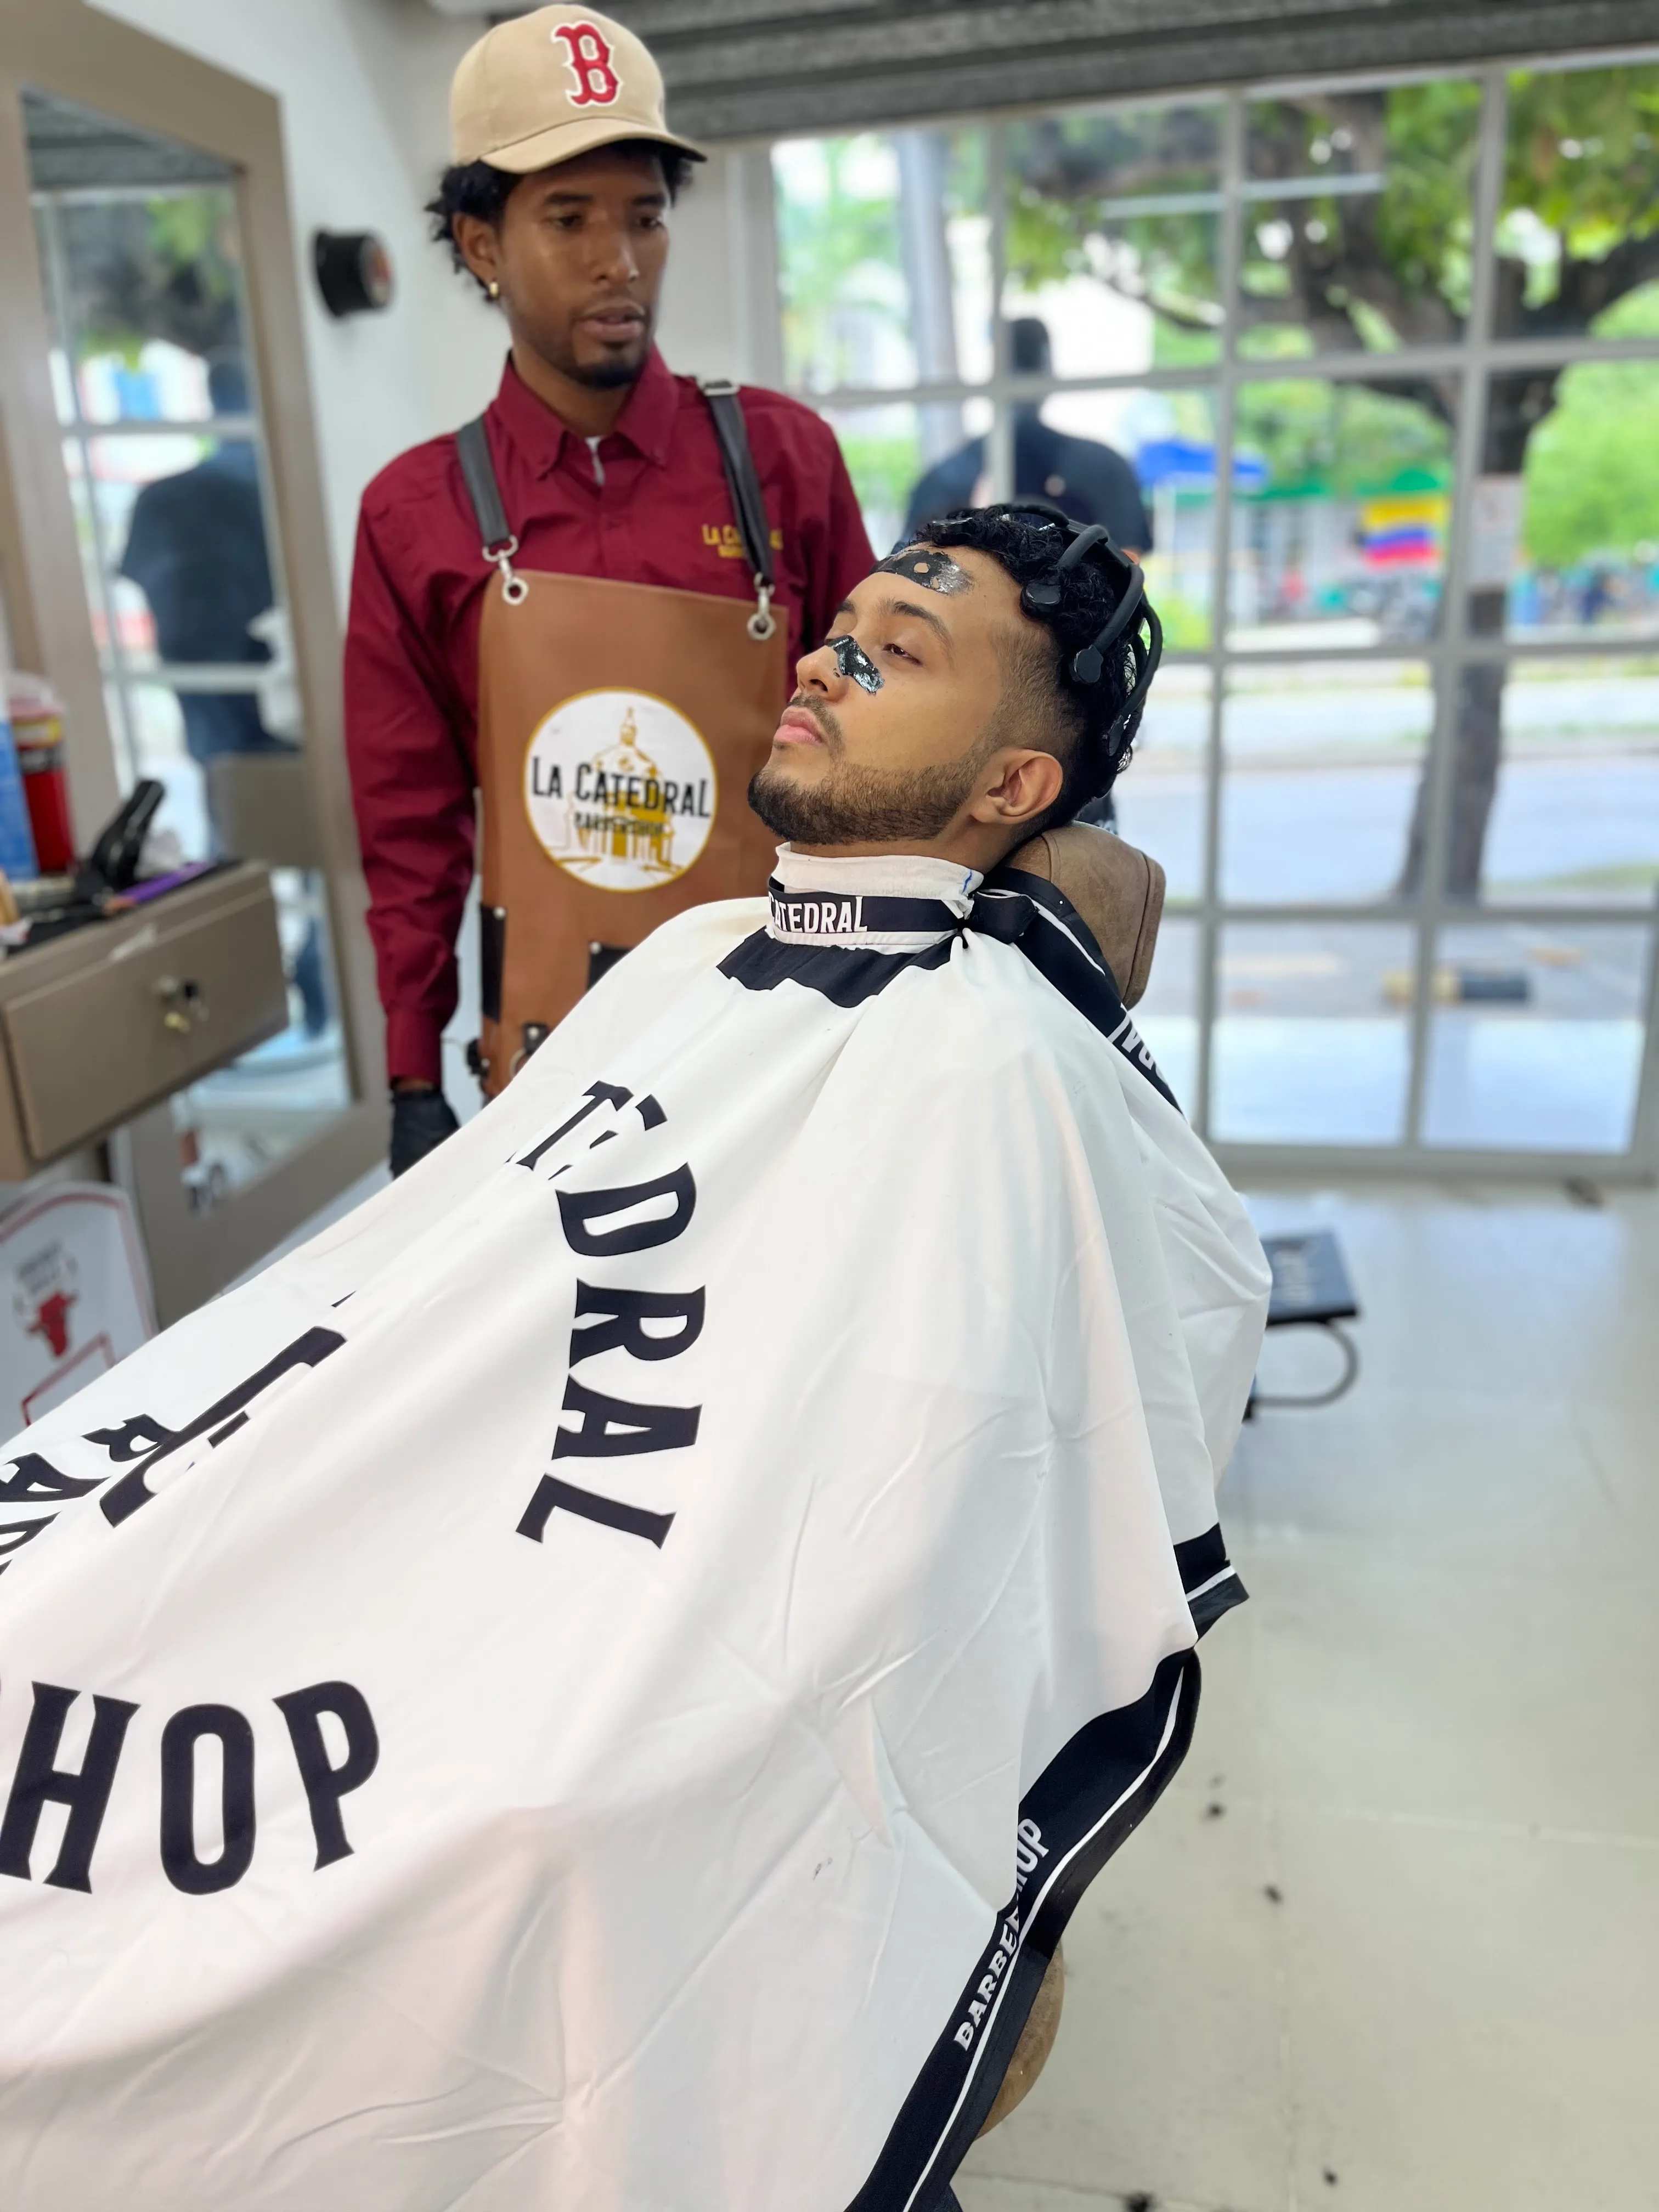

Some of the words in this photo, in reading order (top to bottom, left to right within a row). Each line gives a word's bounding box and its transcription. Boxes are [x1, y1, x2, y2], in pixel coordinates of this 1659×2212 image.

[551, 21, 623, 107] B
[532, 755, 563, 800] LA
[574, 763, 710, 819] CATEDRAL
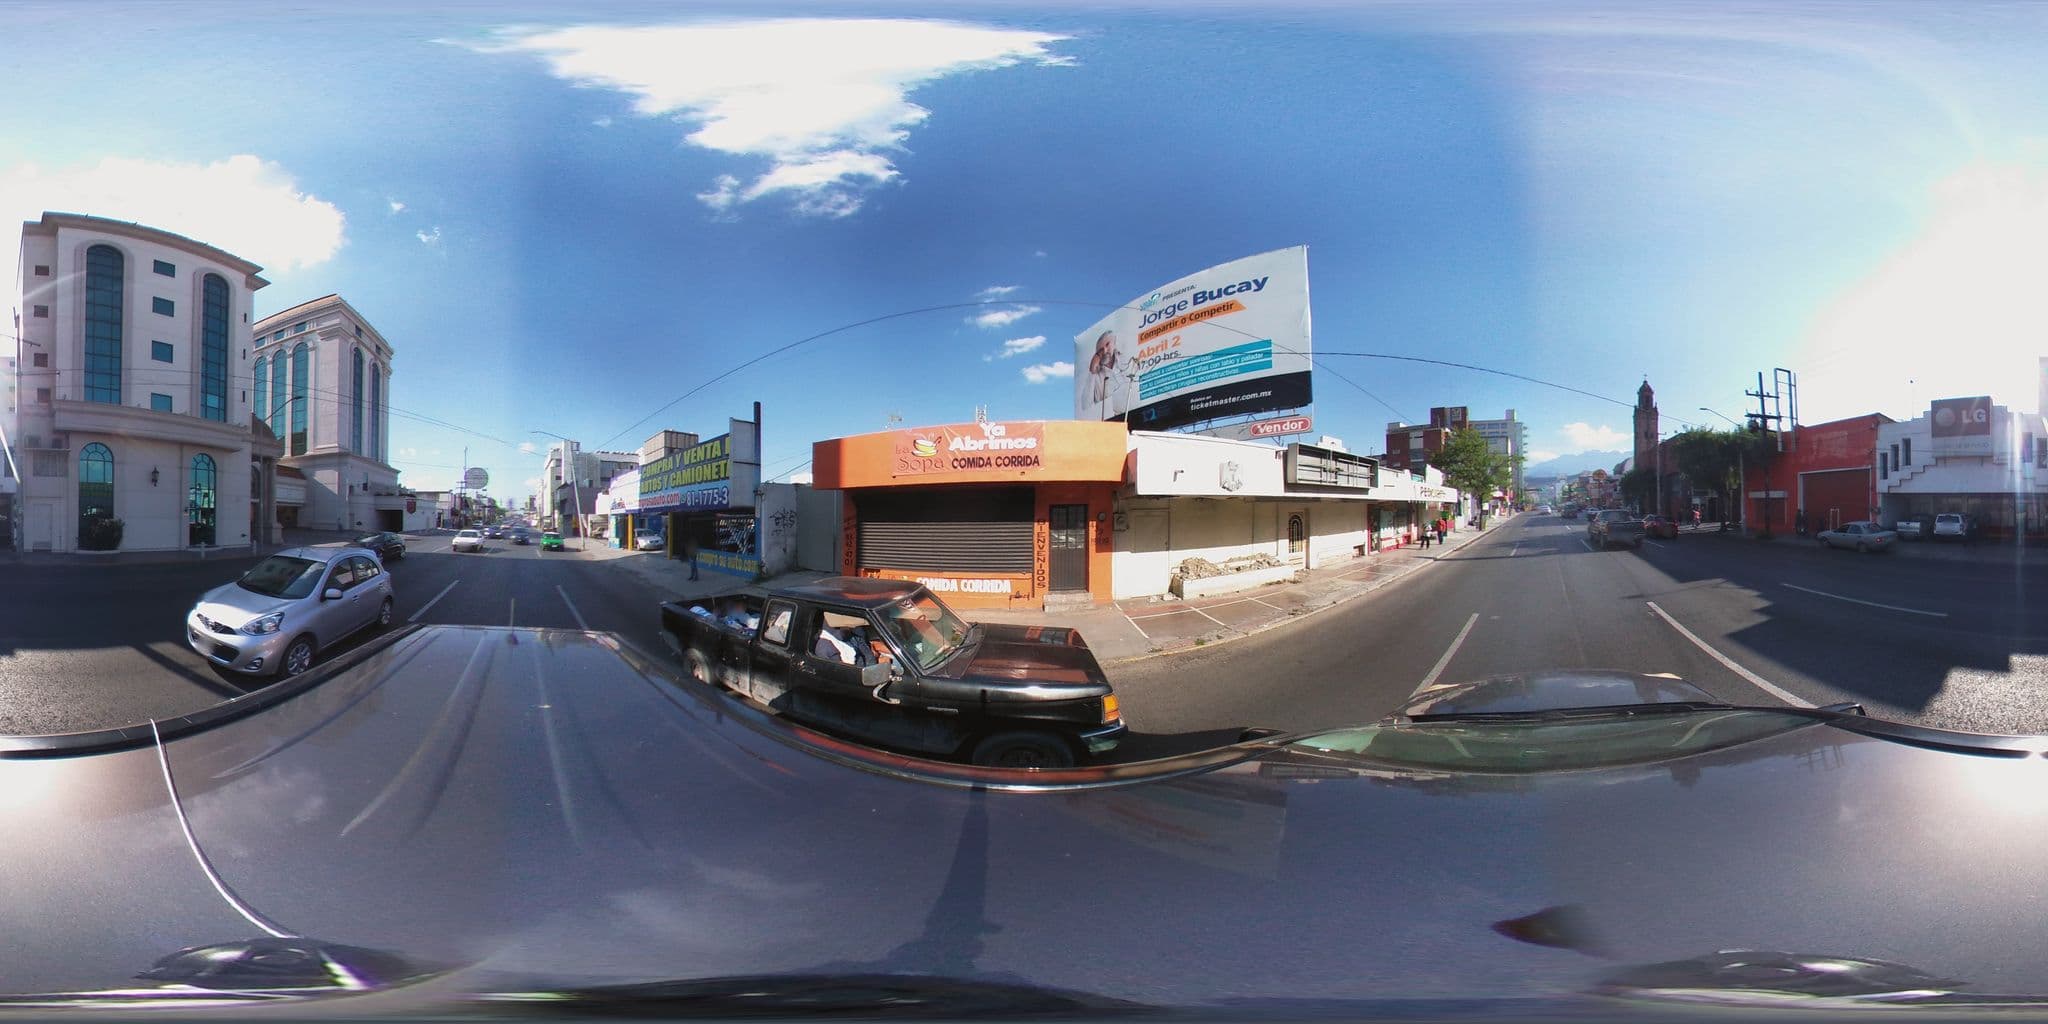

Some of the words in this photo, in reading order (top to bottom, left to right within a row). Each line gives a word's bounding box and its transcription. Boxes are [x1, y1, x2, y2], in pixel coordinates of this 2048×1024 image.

☆ ☆ ☆ ☆ ☆

__Your objective__. The listing above must be given again exactly, minus its pictures.

__Written answer__.
Some of the words in this photo, in reading order (top to bottom, left to right within a row). Each line gives a word's bounding box and its transcription. Boxes are [x1, y1, x2, y2], in pixel coordinates of this 1659×2212 image.

[551, 21, 623, 107] B
[532, 755, 563, 800] LA
[574, 763, 710, 819] CATEDRAL

Some of the words in this photo, in reading order (top to bottom, left to right within a row). Each line gives a word's bounding box and its transcription. Boxes are [x1, y1, x2, y2], in pixel coordinates of this 2048×1024 image.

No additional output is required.